Stories of the Law and How It's Broken
- First edition cover
- Author: "The Secret Barrister"
- Cover artist: Two Associates
- Language: English
- Genre: non-fiction
- Publisher: Picador (imprint of Pan Macmillan)
- Publication date: 2018
- Publication place: England and Wales
- Media type: Print
- Pages: 376
- ISBN: 978-1-5098-4110-3

= The Secret Barrister =

2018 book by The Secret Barrister

The Secret Barrister: Stories of the Law and How It's Broken is a 2018 book by an anonymous author with the pen name "The Secret Barrister". It is a critical first-hand account of the state of the criminal justice system in England and Wales. The subtitle is a play on words: the book is not about criminal lawbreaking, but about how the legal system is failing in its purpose.

==Author==
The book's dustjacket states that the author, "The Secret Barrister", is a junior barrister practising criminal law before the courts of England and Wales. "The Secret Barrister" is also a blogger who in 2016 and 2017 was named Independent Blogger of the Year at the Editorial Intelligence Comment Awards. As of the book's publication date in March 2018 the author had a following on Twitter of nearly 88,000.

==Principal themes==
The book is loosely structured to follow the life of a criminal case from magistrates' court, through to sentence and appeal. It mixes first-hand accounts of the author as advocate, acting at different times for the prosecution and the defence, with a discussion of how the system in practice fails to deliver justice on a daily basis: "Access to justice, the rule of law, fairness to defendants, justice for victims – those fine emblems which we purport to hold so dear – are each day incarnated in effigy, rolled out in the Crown and magistrates' courts and ritually torched".

The author argues that the public should be outraged by the chronic underfunding of the criminal justice system: "In every crumbling, decaying magistrates’ court and leaking Crown Court in the land, we see every day the law's equivalent of untreated, neglected patients on hospital trolleys. And every day it is met by a wall of silence".

The almost insuperable difficulties of ensuring that defendants are defended properly and prosecuted fairly are laid out: "The magistrates' court is the accident and emergency department of criminal justice: any moment a problem will walk through the door and the prosecutor will have to deal with it blind. Much prosecuting in the magistrates’ court takes the form of someone getting to their feet and presenting a case they have never set eyes on before".

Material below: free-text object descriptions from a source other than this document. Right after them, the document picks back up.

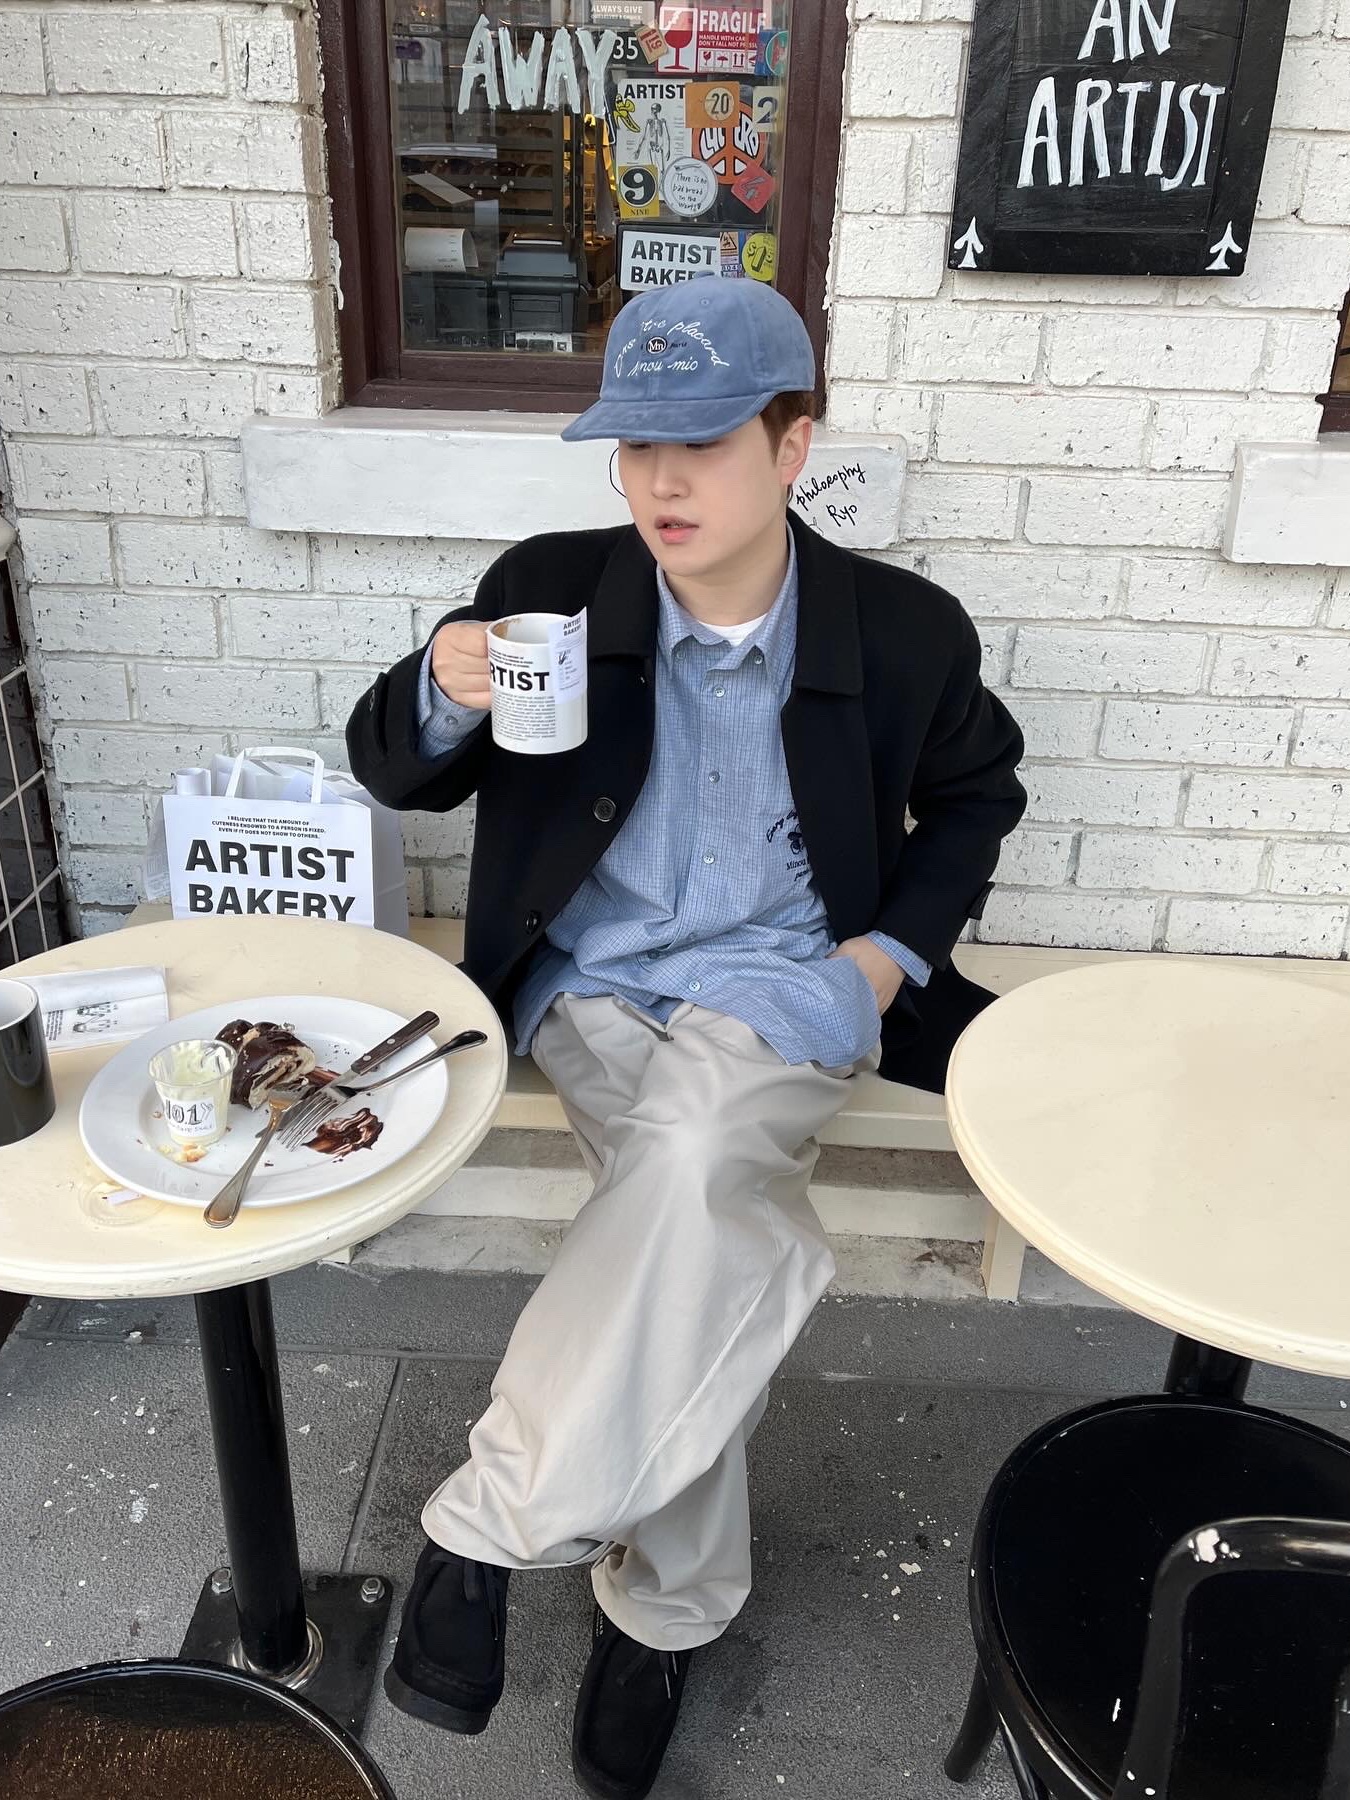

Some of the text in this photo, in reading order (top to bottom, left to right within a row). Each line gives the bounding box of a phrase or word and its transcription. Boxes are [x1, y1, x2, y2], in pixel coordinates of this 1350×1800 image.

[591, 5, 643, 14] ALWAYS GIVE
[1077, 0, 1176, 63] AN
[458, 14, 617, 118] AWAY
[624, 84, 686, 100] ARTIST
[711, 93, 730, 114] 20
[1016, 76, 1226, 192] ARTIST
[622, 168, 656, 205] 9
[630, 208, 650, 216] NINE
[631, 240, 717, 265] ARTIST
[490, 661, 550, 692] RTIST
[185, 839, 355, 883] ARTIST
[188, 883, 356, 922] BAKERY

The author is particularly critical of reforms to legal aid under LASPO (the Legal Aid, Sentencing and Punishment of Offenders Act 2012), called in the book "The Innocence Tax", under which a defendant can be wrongly accused of a crime by the state, denied legal aid and – when acquitted – find themselves out of pocket by tens or even hundreds of thousands of pounds in legal fees that the state will not repay.

The author also addresses policy issues, and argues that "a working criminal justice system, properly resourced and staffed by dedicated professionals ... serves to protect the innocent, protect the public and protect the integrity, decency and humanity of our society. This should be a societal baseline. Not a luxury".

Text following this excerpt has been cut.